Produce a verbatim transcription of the records below, beginning at the line containing "this 1344×980 image." and ending at the final line; include only those lines.

===== DATA =====

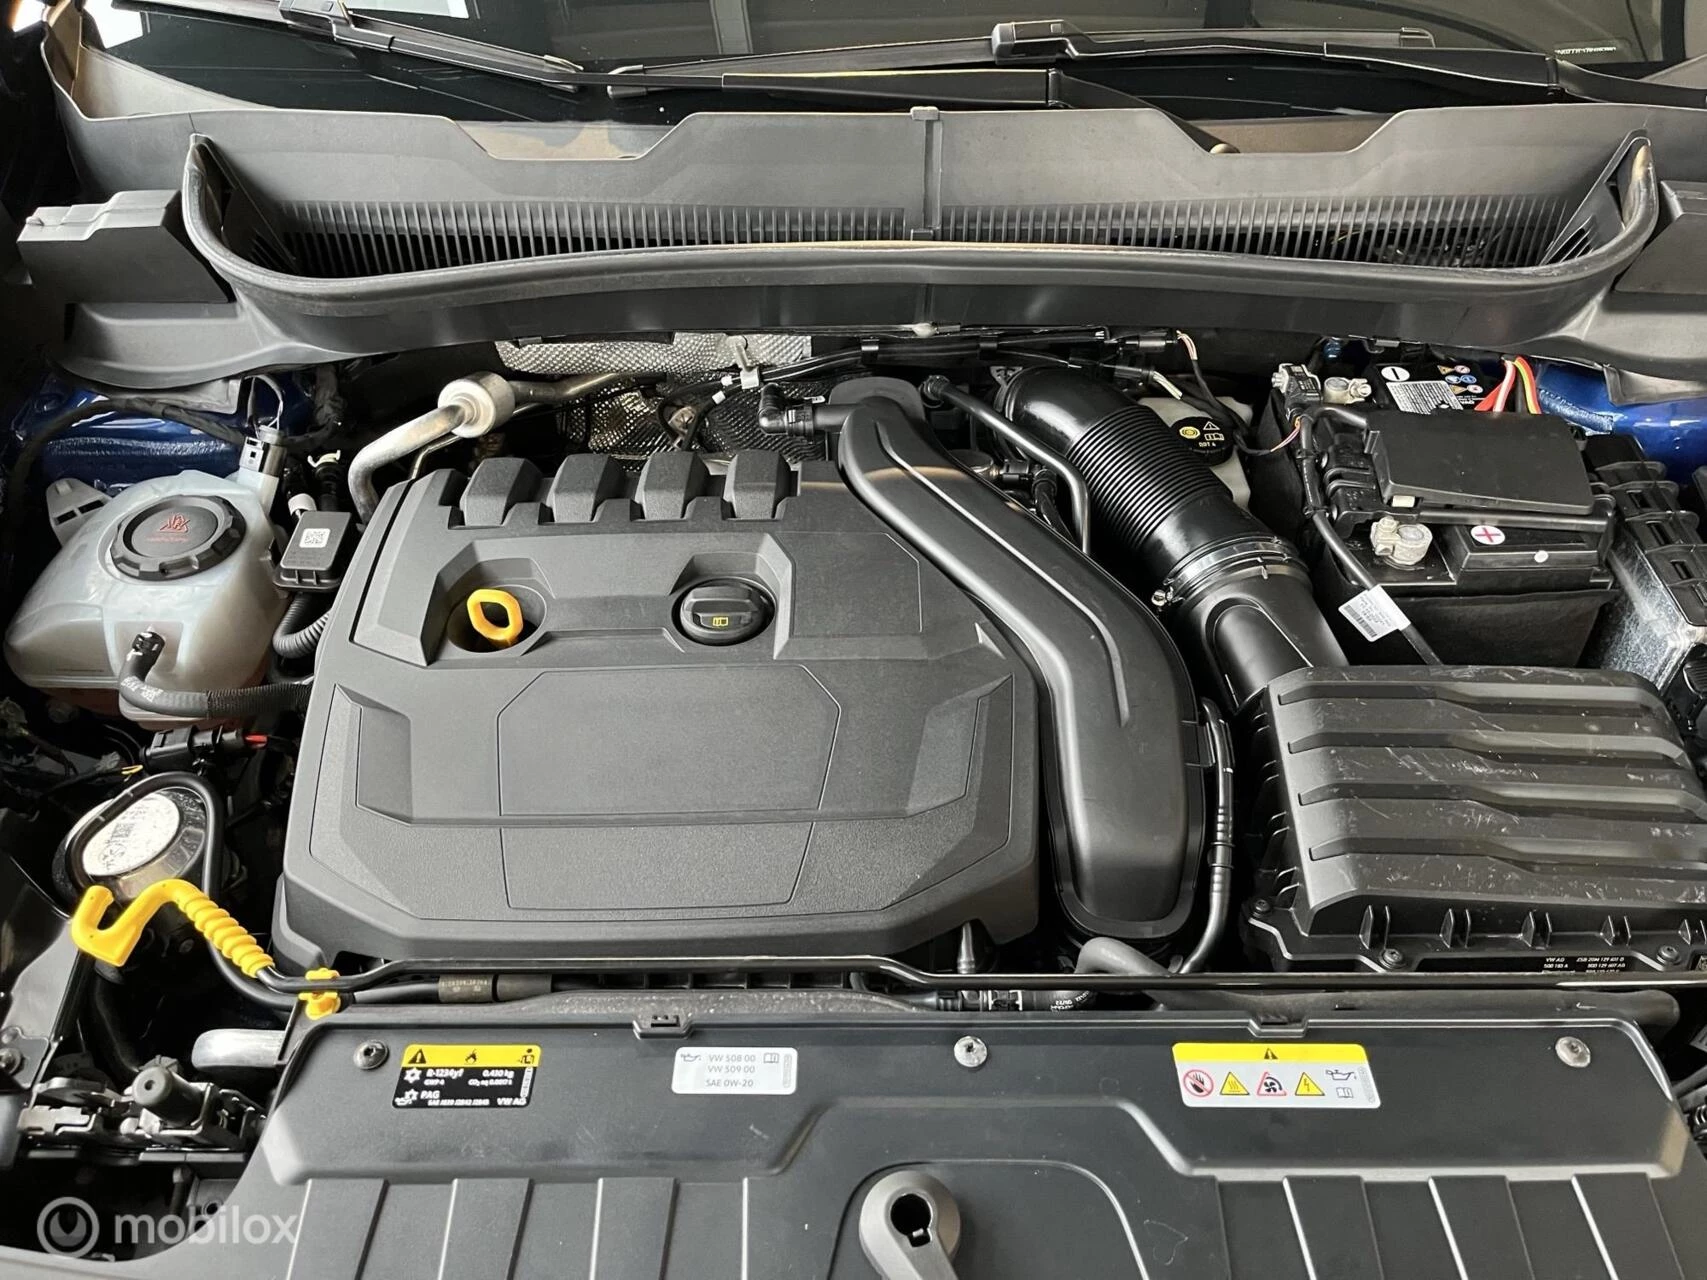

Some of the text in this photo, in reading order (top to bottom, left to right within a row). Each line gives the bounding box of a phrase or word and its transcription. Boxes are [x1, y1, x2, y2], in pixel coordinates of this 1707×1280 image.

[708, 1054, 757, 1062] VW 508 00
[707, 1065, 755, 1073] VW 509 00
[426, 1068, 464, 1079] R-1234yf
[505, 1069, 514, 1079] kg
[705, 1079, 754, 1087] SAE 0W-20
[420, 1090, 440, 1099] PAG
[496, 1097, 512, 1106] VW
[512, 1097, 527, 1106] AG
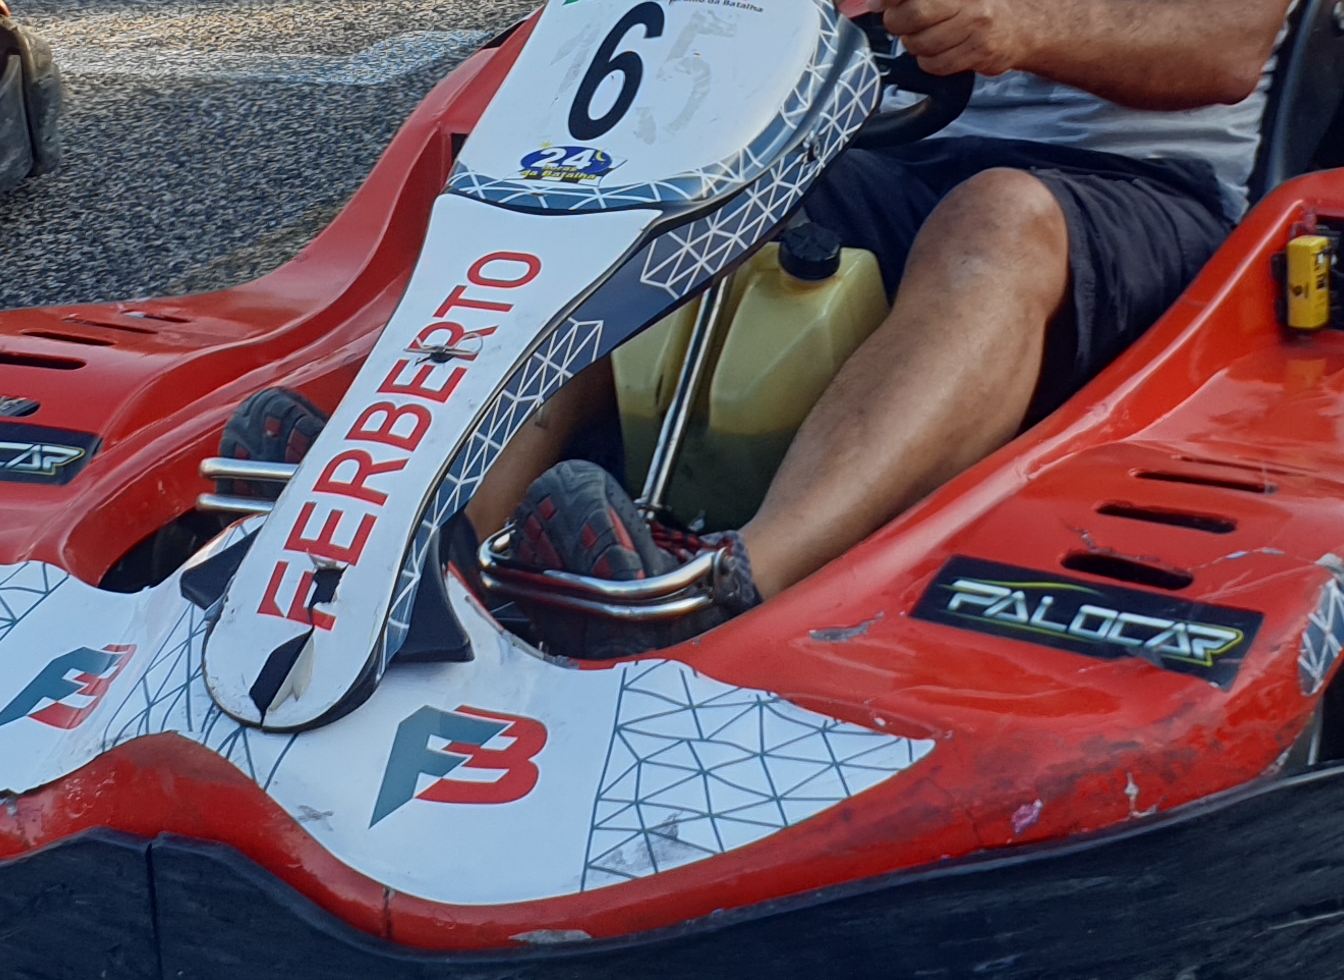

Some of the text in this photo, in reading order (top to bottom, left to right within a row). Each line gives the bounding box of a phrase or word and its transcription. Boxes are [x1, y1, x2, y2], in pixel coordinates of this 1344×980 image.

[567, 1, 666, 141] 6
[530, 147, 596, 169] 24
[256, 250, 542, 632] FERBERTO
[946, 578, 1240, 663] PALOCAR

=====

* OUTPUT BELOW:
Some of the text in this photo, in reading order (top to bottom, left to right within a row). Each line gives the bounding box of a phrase or word and its transcription. Boxes are [x1, y1, x2, y2], in pixel coordinates of this 1344×980 image.

[567, 1, 666, 141] 6
[530, 147, 596, 169] 24
[256, 250, 542, 632] FERBERTO
[946, 578, 1240, 663] PALOCAR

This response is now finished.